Can it be completely covered by 49 1 × 2 rectangles?
(b) Alternatively, the 10 × 10 square can have a 1 × 1 square removed from the
bottom-left and bottom-right hand corners instead.
Can this be completely covered by 49 1 × 2 rectangles?
(c) Investigate further, and try to “classify” when removing two 1 × 1 squares
leaves an impossible-to-cover square...
(d) Can a 10 × 10 square be completely covered by 25 1 × 4 rectangles?
Question 8
A group of n people participate in a round-robin arm-wrestling tournament. Each
match ends in either a win or a loss (no draws!).
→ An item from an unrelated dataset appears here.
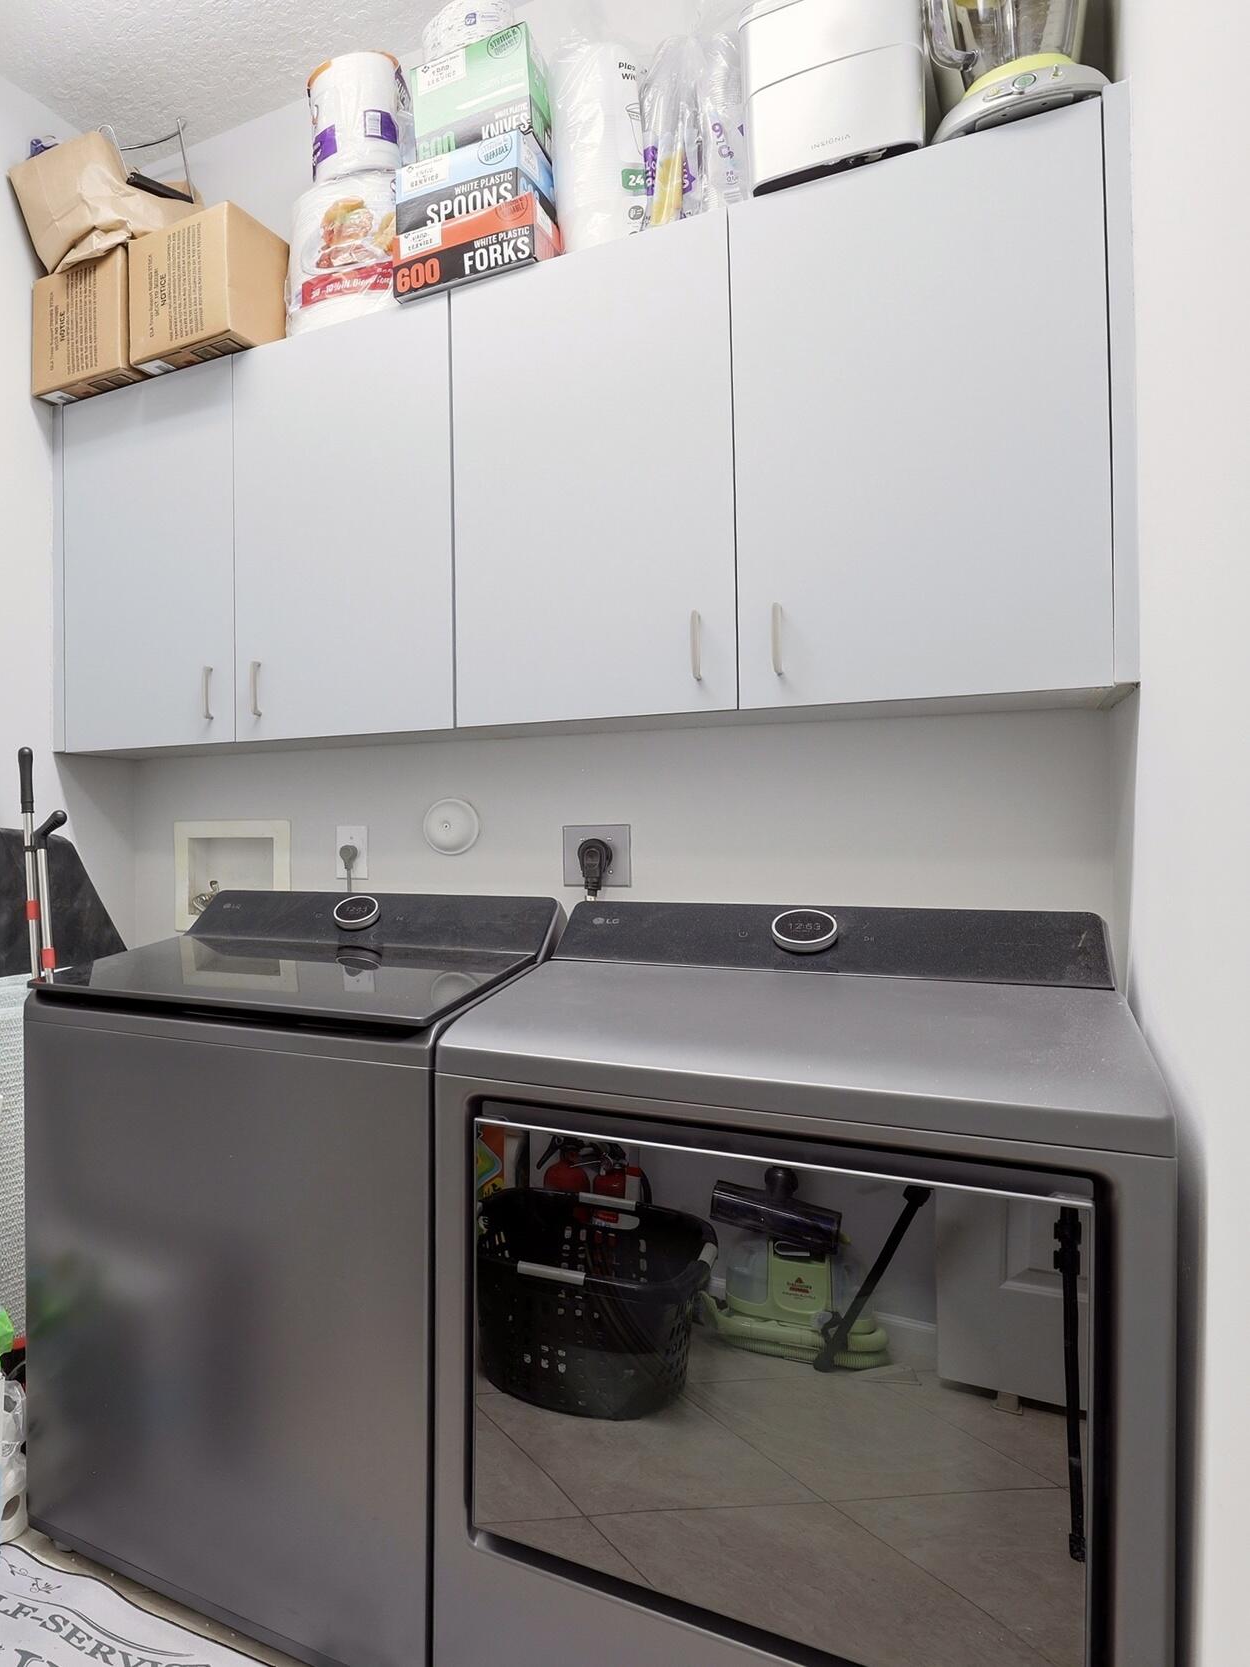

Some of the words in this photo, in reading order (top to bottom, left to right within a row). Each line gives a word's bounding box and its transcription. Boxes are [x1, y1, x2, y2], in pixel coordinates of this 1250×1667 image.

Explain how it is possible to label the players P1 , P2 , . . . , Pn in such a way that P1
defeated P2 , P2 defeated P3 , . . . and Pn−1 defeated Pn .
Question 9
(a) A straight piece of wood of length 2 metres is cut into five pieces. Each piece
is at least 17cm long. Prove that there are three of these pieces which can be
put together to form a triangle.
(b) What if we allow the minimum length of each cut piece to be 16cm - can we
always guarantee being able to find three pieces which form a triangle? Or is
there a way of cutting the wood to ensure no triangles can be assembled?
Question 10
In this question, if n is a positive integer, the notation n! means the number
n × (n − 1) × (n − 2) × . . . × 1.
For example, 1! = 1, 3! = 3 × 2 × 1 = 6 and 5! = 5 × 4 × 3 × 2 × 1 = 120.
Here’s the question: cross out one of the factors of the form n! in the product
(1!)(2!)(3!)(4!) . . . (99!)(100!)
so that the result is a perfect square.
Question 11
Fifteen 2 × 2 squares have been cut out from an 11 × 11 sheet of graph paper. All
the cuts were made along the grid lines. Prove that (at least) one more such square
can be cut from the remaining paper.
Note: if one of the pieces of the remaining paper is already a 2 × 2 square, then
that counts too!
Question 12
Vivian is thinking of a whole number between 1 and 16 inclusive. Angela can ask
Vivian any “yes” or “no” question. Vivian is allowed to lie in at most one of her
answers, but Angela does not know which (if any) answer Vivian will choose for
this. If Angela is allowed to ask seven questions, how can she find Vivian’s number?